Abdullah Gül’ün açıklamaları şu şekilde:

“Yasakçı bir Anayasa Mahkemesi vardı Türkiye’nin. Partileri kapatan, insan hakları standartlarını adeta bir üçüncü dünya ülkesine yakışır şekilde tutan, Avrupa İnsan Hakları Sözleşmesi’ni hiç kaale almayan, dikkate almayan bir Anayasa Mahkemesi vardı. Fikir özgürlüğü, vicdan özgürlüğü çok daralıyordu. Çok militan bir laiklik anlayışından dolayı 20 yaşındaki kız çocuklarına başörtüsüyle üniversiteye girmeyi yasak etmişti, yayınladığı, aldığı içtihat kararlarıyla. Böyle bir mahkeme benim iki partimi de kapattı. AK Parti iktidardayken, çoğunluğu varken bir oyla kapatılmaktan kurtuldu. Yani Tayyip Bey, birçok önemli insan yasaklı hale gelmekten bir oyla kurtuldu. O zamanki Anayasa Mahkemesi Başkanı Haşim Kılıç’ın bile kıymeti bilinmedi. Bir oyla AK Parti kapatılmaktan kurtuldu, böyle bir Anayasa Mahkemesi vardı.

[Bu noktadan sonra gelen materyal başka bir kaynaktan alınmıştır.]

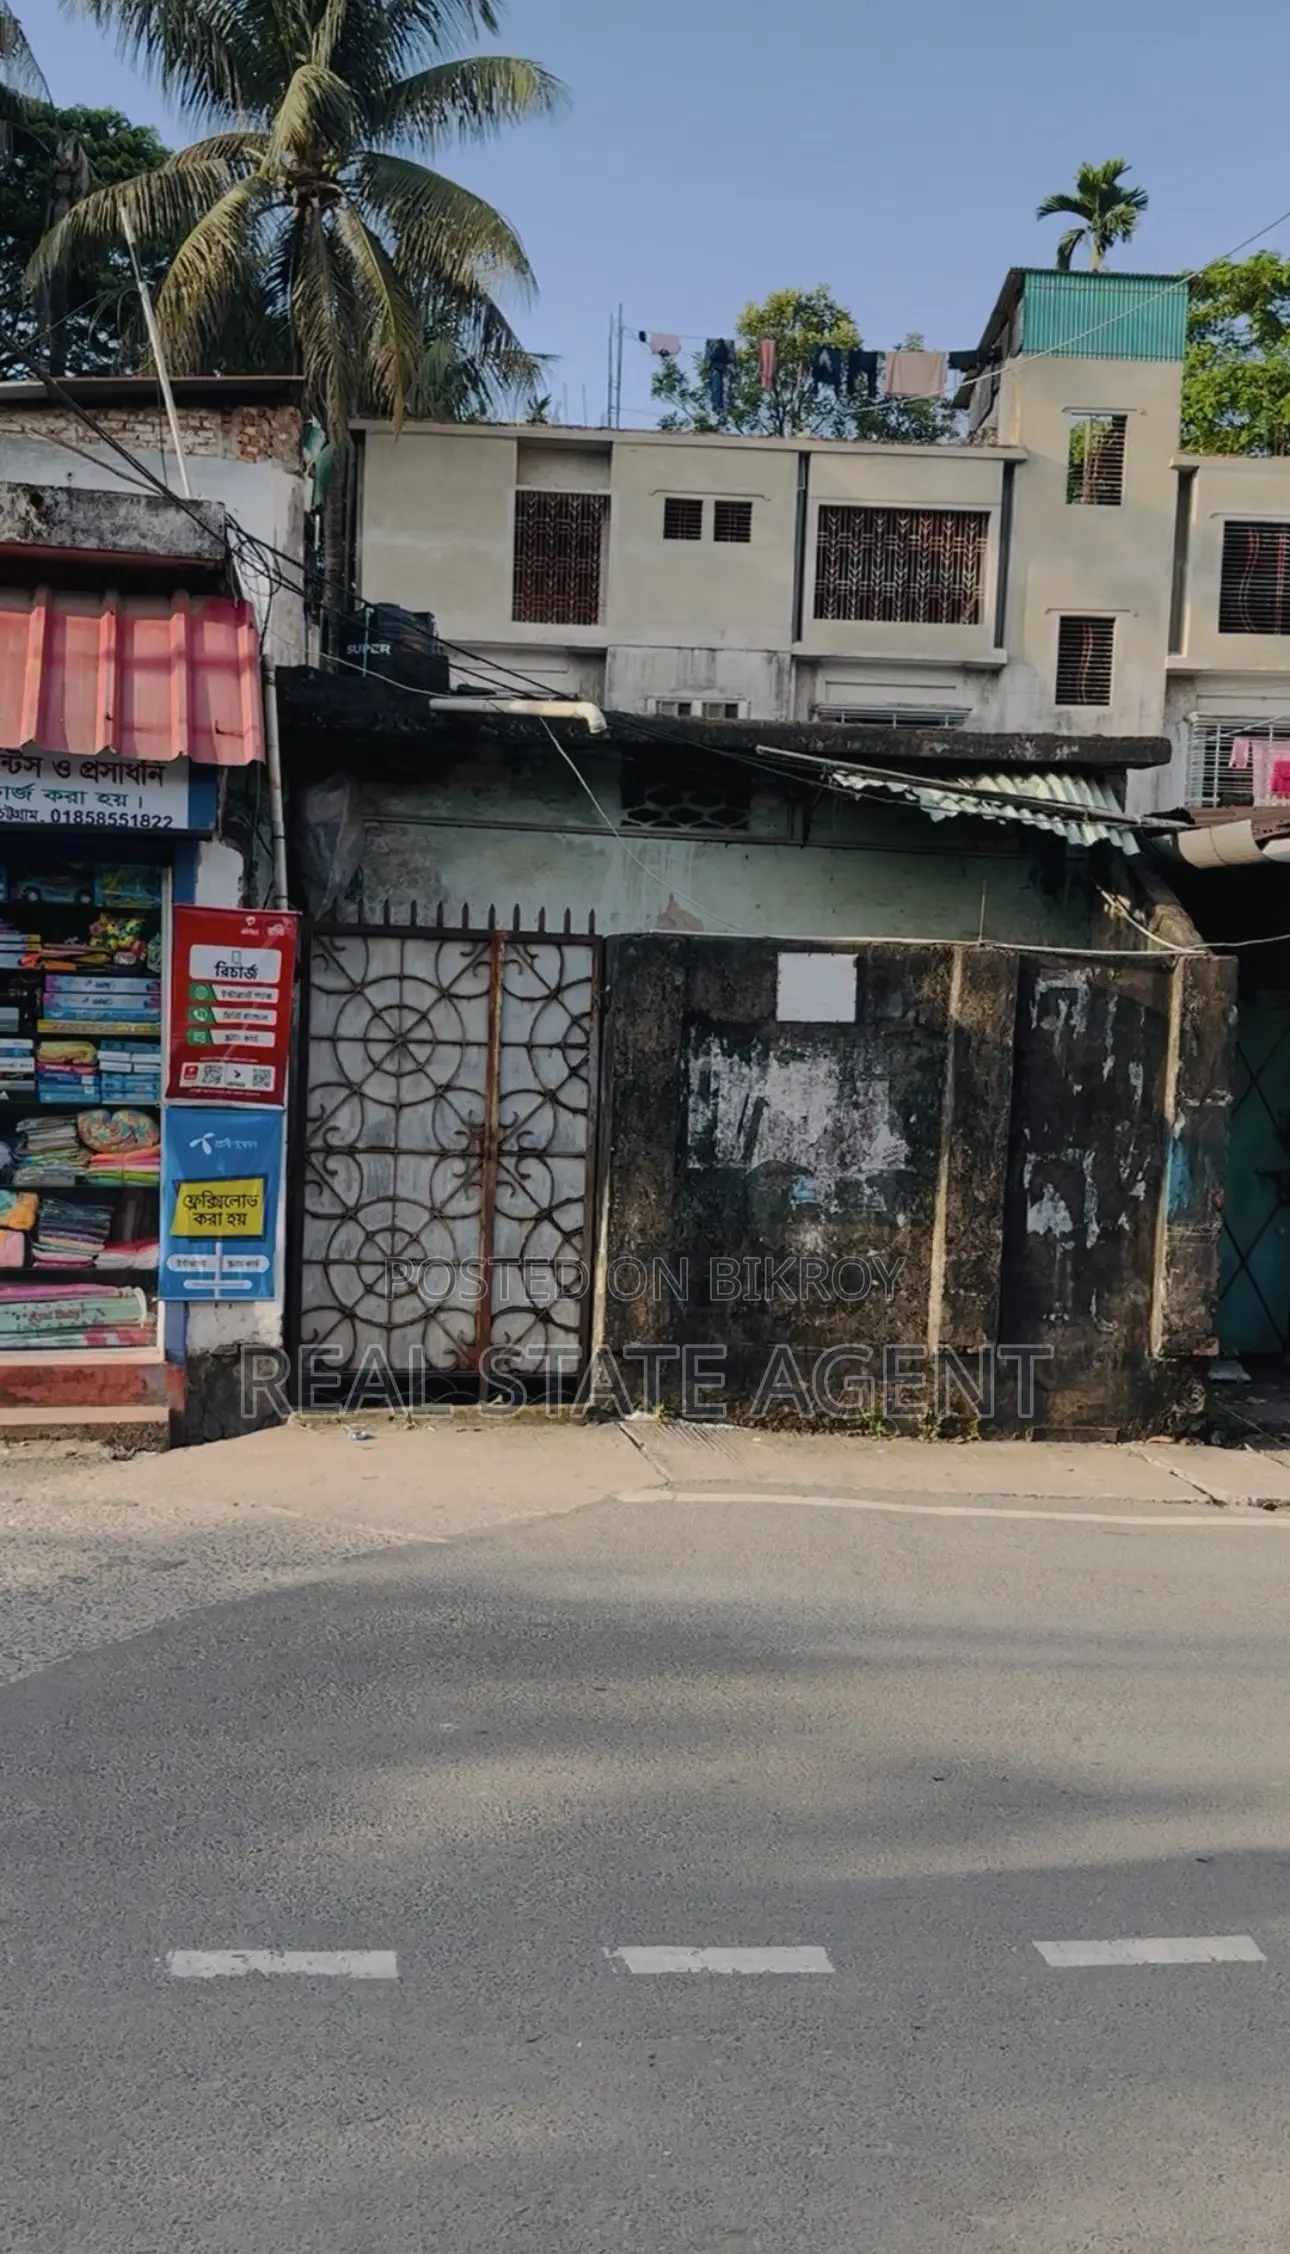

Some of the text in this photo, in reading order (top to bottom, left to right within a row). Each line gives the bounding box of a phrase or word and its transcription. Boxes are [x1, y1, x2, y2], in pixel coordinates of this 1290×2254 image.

[52, 760, 71, 779] ও
[41, 788, 88, 806] করা
[95, 791, 131, 808] হয়
[51, 808, 173, 829] 01858551822
[214, 960, 259, 980] রিচার্জ
[193, 1212, 248, 1227] করা হয়

‘ÖZGÜRLÜKÇÜ DAVRANIYOR DİYE HÜCUM EDİLİYOR’ 

“O zamanki Anayasa Mahkemesi’yle bugünkü Anayasa Mahkemesi’ni karşılaştırdığımızda, bugünkü özgürlükçü davranıyor diye hücum ediliyor. Anayasa Mahkemesi, AİHM içtihatlarıyla karar veriyor diye üstüne gidiliyor ve Anayasa Mahkemesi’ne hücum ediliyor. AYM’nin bütün özgürlükçü kararlarına ‘evet’ diyen üyeleri saldırı altında. Anayasa Mahkemesi Başkanı bütün kararlarda gayet istikrarlı bir şekilde özgürlükçü durmuş. Mahkeme üyesi hakim; gözü kapalı hareket eder, o kim bu kim diye değil, olaya bakar. Bu olay AK Parti’yle ilgili olur, bu olay Cumhuriyet Halk Parti’siyle ilgili olur, bu olay Enis Berberoğlu’yla ilgili olur veya bu olay başkasıyla ilgili olur. Önemli olan olayı değerlendirmesi, olayları özgürlükçü değerlendiriyorlar diye AYM’yi bugün yerden yere vurmayı hayretle karşılıyorum açıkçası.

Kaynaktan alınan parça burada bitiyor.